Silicon Valley’s success formula will change


The story of WeWork, Uber, and similar pieces larded with schadenfreude about a raft of companies backed by a mixture of venture, growth, Petro, hedge and mutual fund dollars, suggests that Silicon Valley has only one recipe for success. Like all soundbites, it is arresting but far from reality.

The popular narrative is it straight forward enough: young founders with the gift of the gab seduce investors into backing pipedreams with truckloads of money; investors ignite a bonfire of cash and instruct these youngsters to suspend caution, act irrationally and go for broke.

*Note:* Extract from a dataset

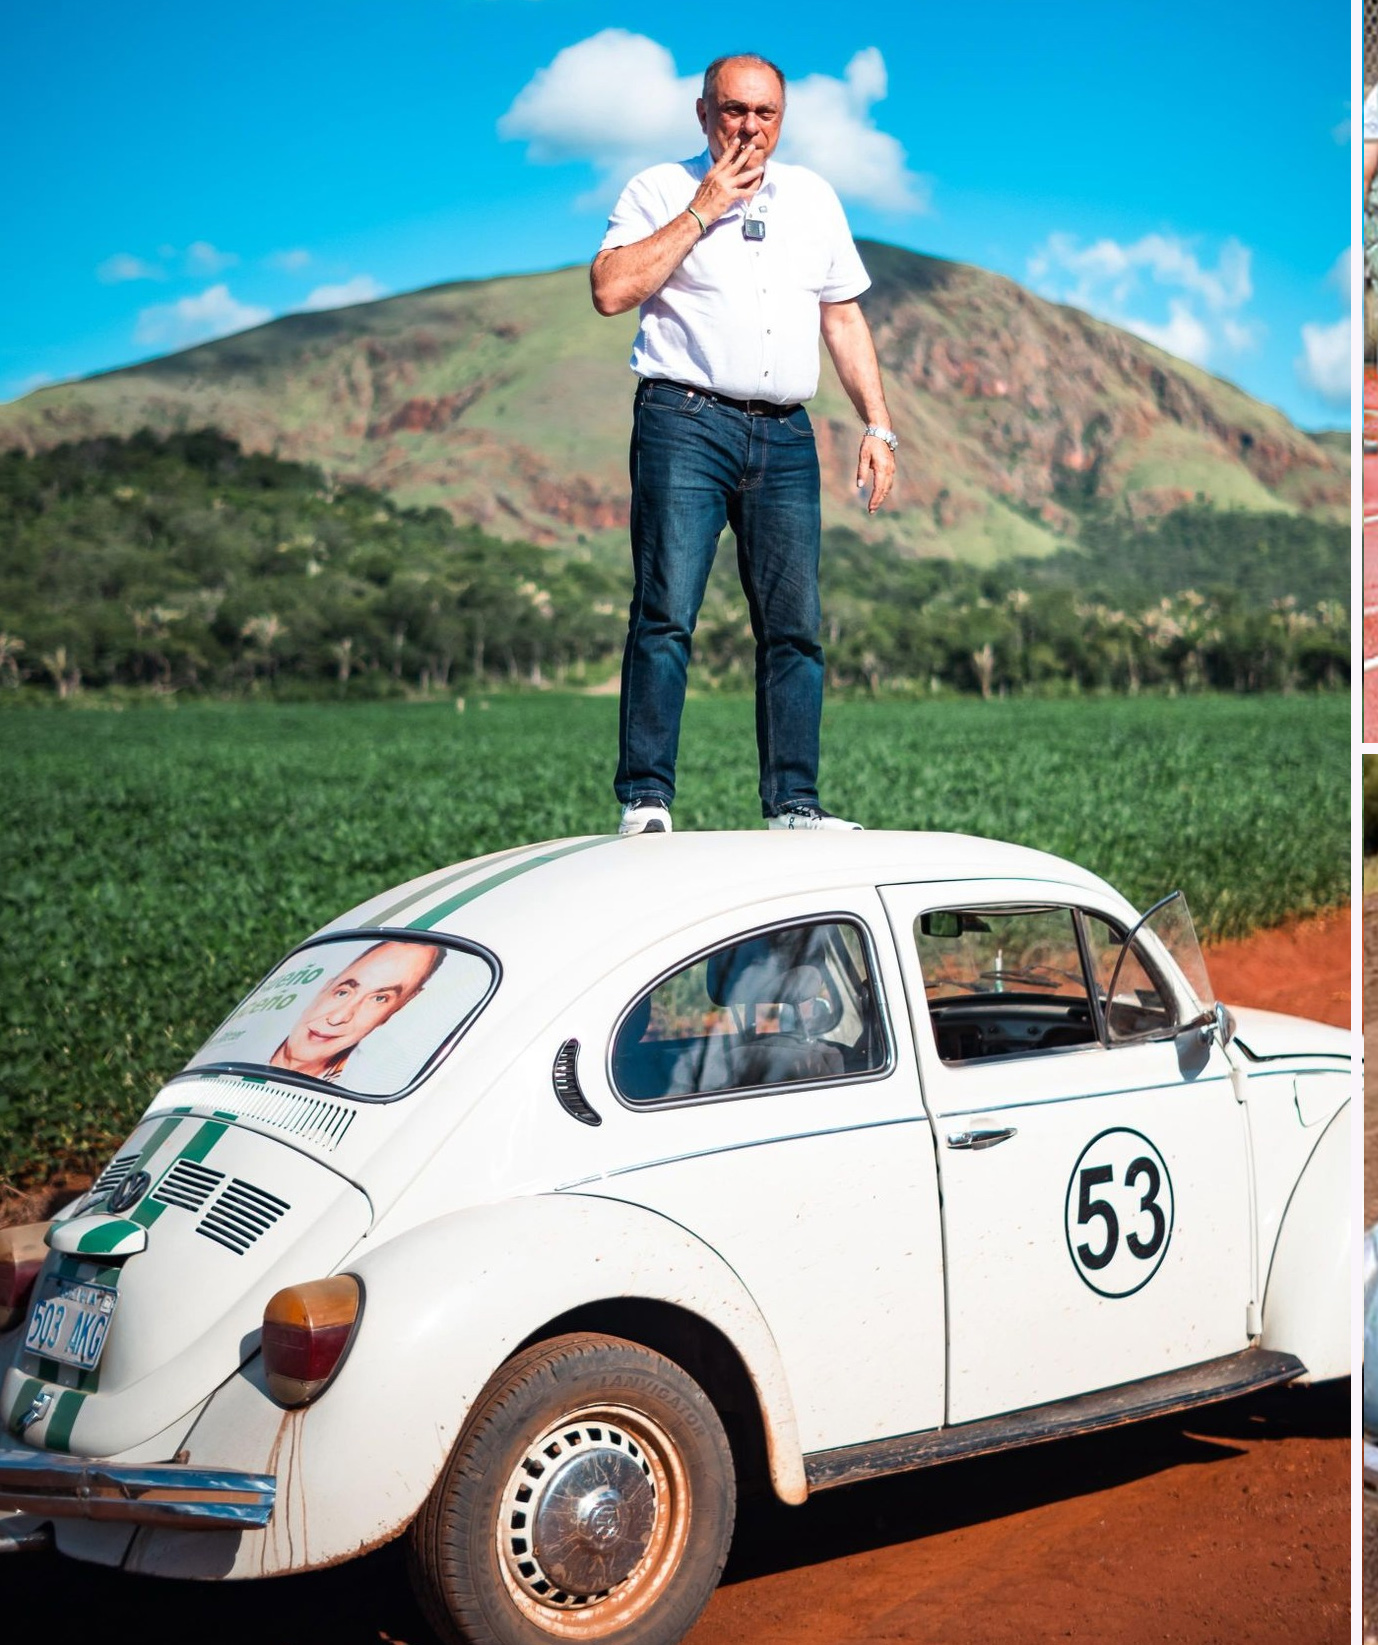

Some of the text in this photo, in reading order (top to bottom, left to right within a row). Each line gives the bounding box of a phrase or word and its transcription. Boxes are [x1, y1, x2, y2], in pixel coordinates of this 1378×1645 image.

[1076, 1156, 1166, 1270] 53
[28, 1299, 107, 1359] 503 AKG

Meanwhile, the pipedreams are pursued with a combination of tequila; coffee breaks for vaping; sex on fire escapes; discrimination in the workplace; personal self-dealing; misappropriation of company money; wanton disregard for rules and regulations; and an absence of stewardship and governance.

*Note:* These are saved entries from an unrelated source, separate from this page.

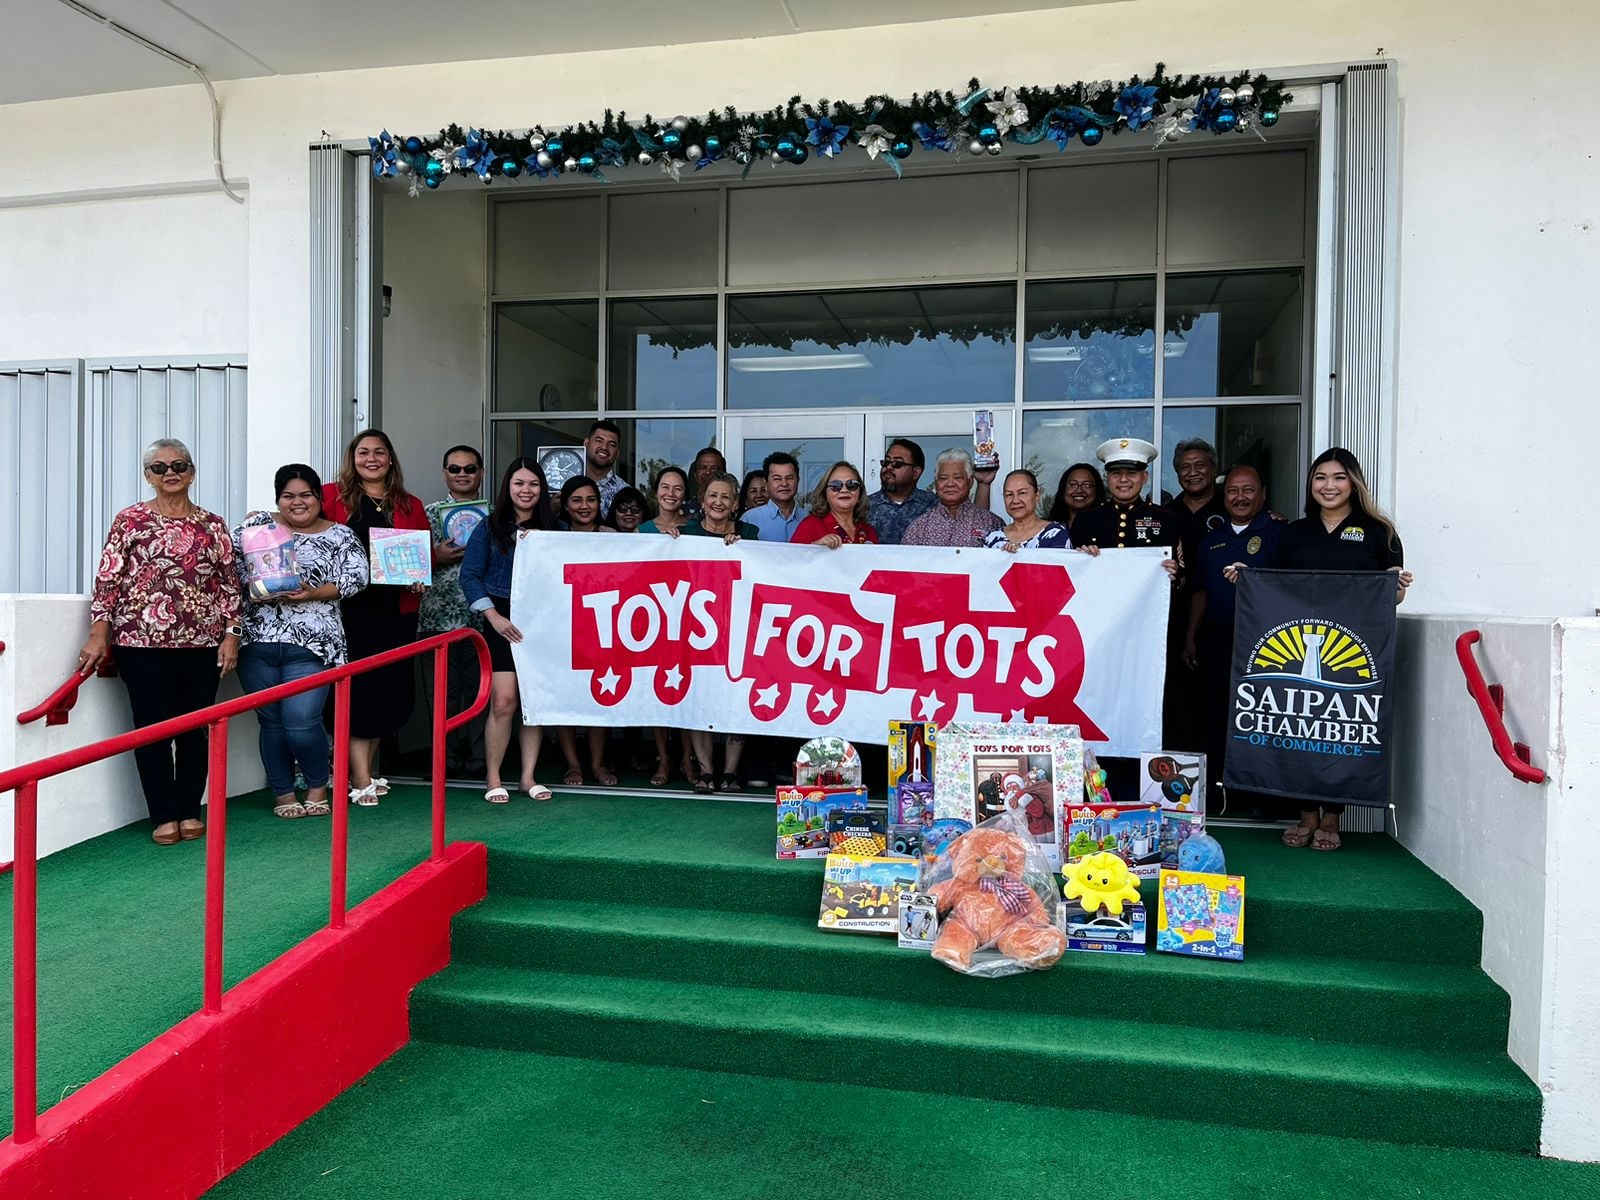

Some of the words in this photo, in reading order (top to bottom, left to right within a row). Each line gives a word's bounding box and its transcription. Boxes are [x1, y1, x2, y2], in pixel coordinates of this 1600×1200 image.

[582, 580, 718, 652] TOYS
[753, 603, 863, 677] FOR
[903, 620, 1058, 697] TOTS
[1246, 650, 1257, 673] MOVING
[1254, 637, 1266, 650] OUR
[1264, 619, 1299, 638] COMMUNITY
[1300, 618, 1334, 627] FORWARD
[1335, 623, 1362, 644] THROUGH
[1360, 643, 1378, 680] ENTERPRISE
[1235, 682, 1383, 722] SAIPAN
[1235, 712, 1381, 745] CHAMBER
[1249, 733, 1270, 746] OF
[1272, 737, 1362, 757] COMMERCE
[1001, 745, 1024, 753] FOR

In some cases all this – and more – is true. However, the formula for the success of Silicon Valley’s real companies is very different.

The genuine formula in our opinion is longevity and persistence against all odds. It is no coincidence that the great companies to emerge from Silicon Valley and its sister regions in China share hallmarks that are very different from popular perception. These companies are never “overnight sensations”, and they have usually had plenty of close encounters of the worst kind.

Their founders will not be leading the lifestyles of the rich and famous. Instead, they will be strapped to the most displaying single-minded devotion to their business, jealous of every minute that is not associated with the welfare and sustenance of their company.

Their reading lists will be long; they will be voracious in their willingness to learn from others; harbour insatiable curiosity, display a fetching mixture of supreme confidence and humility; and have keen understanding of how to make the impossible possible.

They will also adopt healthy corporate habits in their early days, have a sound appreciation for how their company will become profitable and refuse to pursue a strategy for growth come what may. They will pay keen attention to unit economics, operating expenses, cash balances, positive cash flows and dilution. The founders of the flagship technology companies of the past 50 years – Intel, Cisco, Qualcomm, Amazon, Facebook, Google, Microsoft, Apple, Oracle, Alibaba and Tencent – have all shared these traits and that is true for today’s best privately held companies.

It is others that get into trouble and become footnotes to history – lost in the rubble of the 1960s “Nifty Fifty“ growth stocks, the “biotech bubble”, the Implosion of the disk drive business, the consolidation of the personal computer industry and, of course, the “dot com” carnage of two decades ago. Those were the founders who flipped their Ferraris on the freeway and were unable to answer margin calls. Though they garner headlines, they are in the minority.

The same in our opinion goes for today. Initial Public Offerings (IPO’s) may get chilly responses or be cancelled. Prices in the private market may slide and founders will have a tough time adjusting to the chiller conditions, since they always fear the effects on employee morale if their company valuation does not increase. That is part of life – prices do not go up and down every day in the private market as they do in a public setting.

These days, when an increasing number of “start-ups” spend a decade or more as privately traded businesses, people argue that only public markets can insulate investors from bad behavior and mismanagement. This is a pretty argument but it falls apart as soon as the names Envon, WorldCom, Freddie Mac, Volkswagen or even Wells Fargo are mentioned. It is in our opinion not complicated – investors can lose their money whether they are risking it on a rural lane or Main Street.

In the technology world, fatuous slogans, broken promises, unlaced basketball shoes and black turtlenecks can only get you so far. It is then that the absence of a sound business model suddenly becomes evident. It is then that heaps of protective voting rights melt away. It is then that people understand gravity has not been repealed and that patience is the best way to build what you want.

That’s the life of the persistent majority.